Sanguina, an Atlanta-based health technology developer, is launching a mobile app in the Google Play Store that uses pictures of fingernails to determine whether or not someone is getting enough iron.

The app measures hemoglobin levels, which are a key indicator of anemia, by analyzing the color of a person’s fingernail beds in a picture.

These fingernail selfies could be used to determine anemia for the more than 2 billion people who are affected by the condition — including women, children, athletes and the elderly.

Iron deficiencies can cause fatigue, pregnancy complications and, in severe cases, even cardiac arrest, the company said. AnemoCheck is the first smartphone application to measure hemoglobin levels, the company said — and through its app people can not only determine whether or not they’re anemic but also use the app’s information to address the condition, the company said.

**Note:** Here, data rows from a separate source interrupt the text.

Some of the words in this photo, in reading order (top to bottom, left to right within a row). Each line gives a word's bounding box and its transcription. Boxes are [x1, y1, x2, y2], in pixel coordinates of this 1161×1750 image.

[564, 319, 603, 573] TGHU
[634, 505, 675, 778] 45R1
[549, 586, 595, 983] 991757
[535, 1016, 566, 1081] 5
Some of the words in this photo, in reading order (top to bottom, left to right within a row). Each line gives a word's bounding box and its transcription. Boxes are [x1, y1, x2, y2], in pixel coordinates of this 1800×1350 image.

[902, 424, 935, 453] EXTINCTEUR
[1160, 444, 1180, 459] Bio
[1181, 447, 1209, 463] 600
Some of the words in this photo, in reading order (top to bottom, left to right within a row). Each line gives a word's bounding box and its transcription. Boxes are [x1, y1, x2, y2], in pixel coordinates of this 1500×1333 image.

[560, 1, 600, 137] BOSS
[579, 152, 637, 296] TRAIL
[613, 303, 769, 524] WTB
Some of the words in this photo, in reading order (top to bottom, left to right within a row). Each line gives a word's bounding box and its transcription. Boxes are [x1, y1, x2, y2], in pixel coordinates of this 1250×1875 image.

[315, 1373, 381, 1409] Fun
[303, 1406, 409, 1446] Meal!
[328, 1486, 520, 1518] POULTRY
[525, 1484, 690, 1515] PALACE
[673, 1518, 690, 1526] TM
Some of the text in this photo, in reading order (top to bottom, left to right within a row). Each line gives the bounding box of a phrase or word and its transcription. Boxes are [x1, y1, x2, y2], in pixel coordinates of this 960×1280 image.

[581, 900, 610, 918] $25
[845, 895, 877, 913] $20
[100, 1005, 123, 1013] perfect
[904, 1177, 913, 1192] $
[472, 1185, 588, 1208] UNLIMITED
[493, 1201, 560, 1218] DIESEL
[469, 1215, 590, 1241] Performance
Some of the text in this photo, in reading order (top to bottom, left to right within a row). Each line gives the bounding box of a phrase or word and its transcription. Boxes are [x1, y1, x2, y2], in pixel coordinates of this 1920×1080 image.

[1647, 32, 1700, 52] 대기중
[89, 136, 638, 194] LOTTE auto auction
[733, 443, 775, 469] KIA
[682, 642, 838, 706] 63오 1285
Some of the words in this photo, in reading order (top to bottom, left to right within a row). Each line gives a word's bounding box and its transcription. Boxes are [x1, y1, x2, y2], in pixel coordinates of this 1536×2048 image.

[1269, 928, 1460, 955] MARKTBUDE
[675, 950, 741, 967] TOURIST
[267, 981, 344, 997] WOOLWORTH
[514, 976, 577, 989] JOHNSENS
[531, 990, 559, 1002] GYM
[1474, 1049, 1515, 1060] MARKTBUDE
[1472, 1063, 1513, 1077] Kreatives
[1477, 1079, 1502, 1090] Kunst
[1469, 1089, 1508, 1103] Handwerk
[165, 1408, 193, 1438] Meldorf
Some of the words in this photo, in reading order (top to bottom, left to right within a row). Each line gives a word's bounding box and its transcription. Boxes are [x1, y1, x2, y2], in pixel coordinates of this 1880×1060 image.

Sanguina’s technology uses an algorithm to determine the amount of hemoglobin in the blood based on an examination and analysis of the coloration of the nail bed.

Created by Dr. Wilbur Lam, Erika Tyburski and Rob Mannino, the company was born out of research conducted at the Georgia Institute of Technology and Emory University.

“This non-invasive anemia detection tool is the only type of app-based system that has the potential to replace a common blood test,” said Dr. Lam, a clinical hematologist-bioengineer at the Aflac Cancer and Blood Disorders Center of Children’s Healthcare of Atlanta, associate professor of pediatrics at Emory University School of Medicine and a faculty member in the Wallace H. Coulter Department of Biomedical Engineering at Emory University and Georgia Tech.

So far, Sanguina has raised more than $4.2 million in funding from The Seed Lab, XRC Labs and grants from The National Science Foundation and The National Institutes of Health, according to a statement.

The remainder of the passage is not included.